• _Work to be completed_
An exact copy of the records is required, minus the pictures they hold.

▶

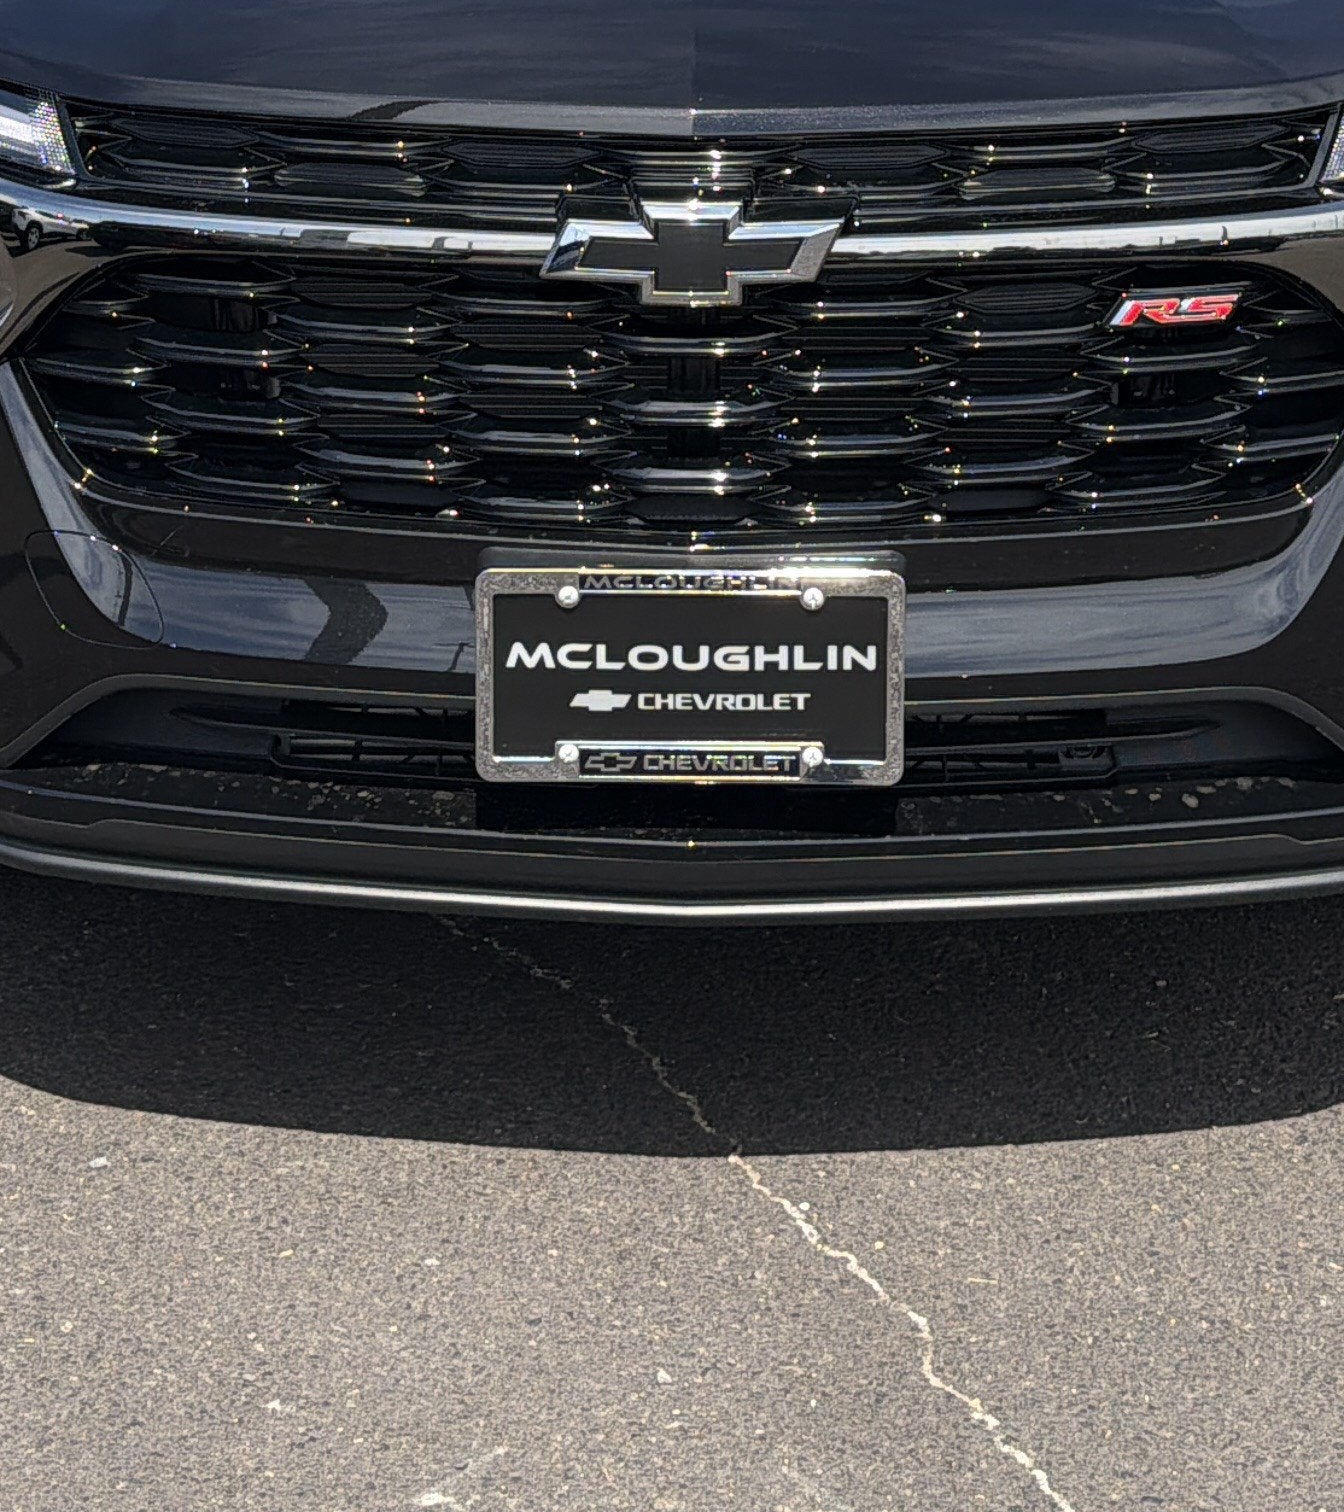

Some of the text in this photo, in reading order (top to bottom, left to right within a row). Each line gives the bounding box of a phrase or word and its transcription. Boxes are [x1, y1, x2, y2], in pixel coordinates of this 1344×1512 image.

[1109, 293, 1239, 326] RS
[505, 642, 877, 672] MCLOUGHLIN
[638, 692, 811, 711] CHEVROLET
[643, 754, 796, 772] CHEVROLET
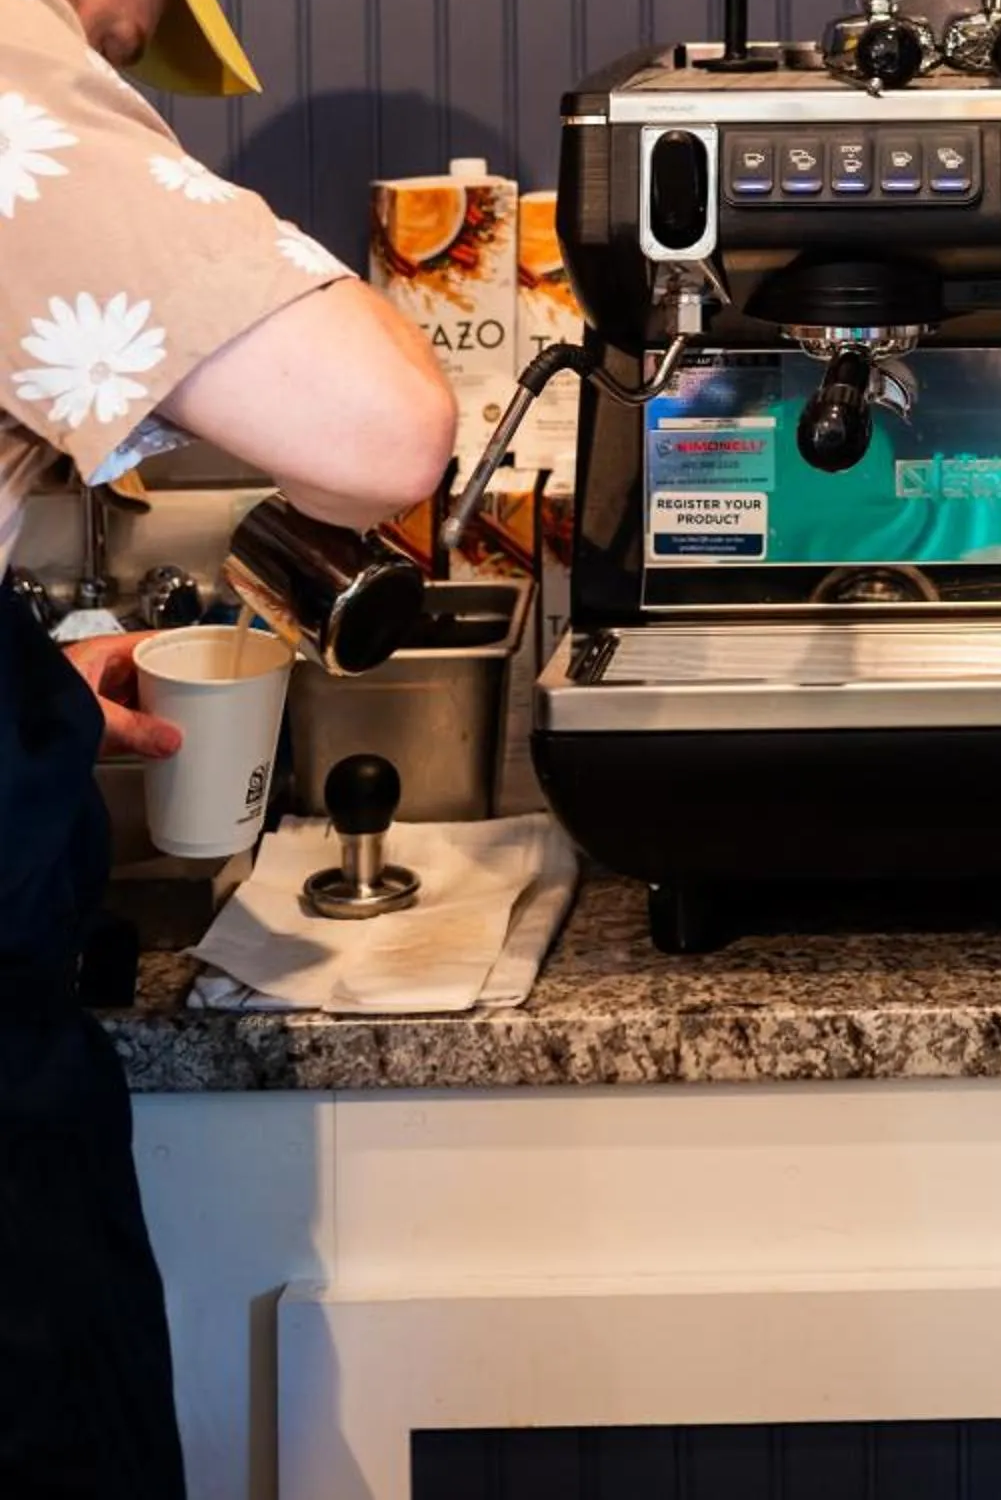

◀

• _Answer to this exercise_
Some of the text in this photo, in reading order (top to bottom, left to right within a row). Each line gives the bounding box of a phrase or word and its transcription. Boxes are [x1, y1, x2, y2], in pixel coordinates of this 1344×1512 image.

[1109, 293, 1239, 326] RS
[505, 642, 877, 672] MCLOUGHLIN
[638, 692, 811, 711] CHEVROLET
[643, 754, 796, 772] CHEVROLET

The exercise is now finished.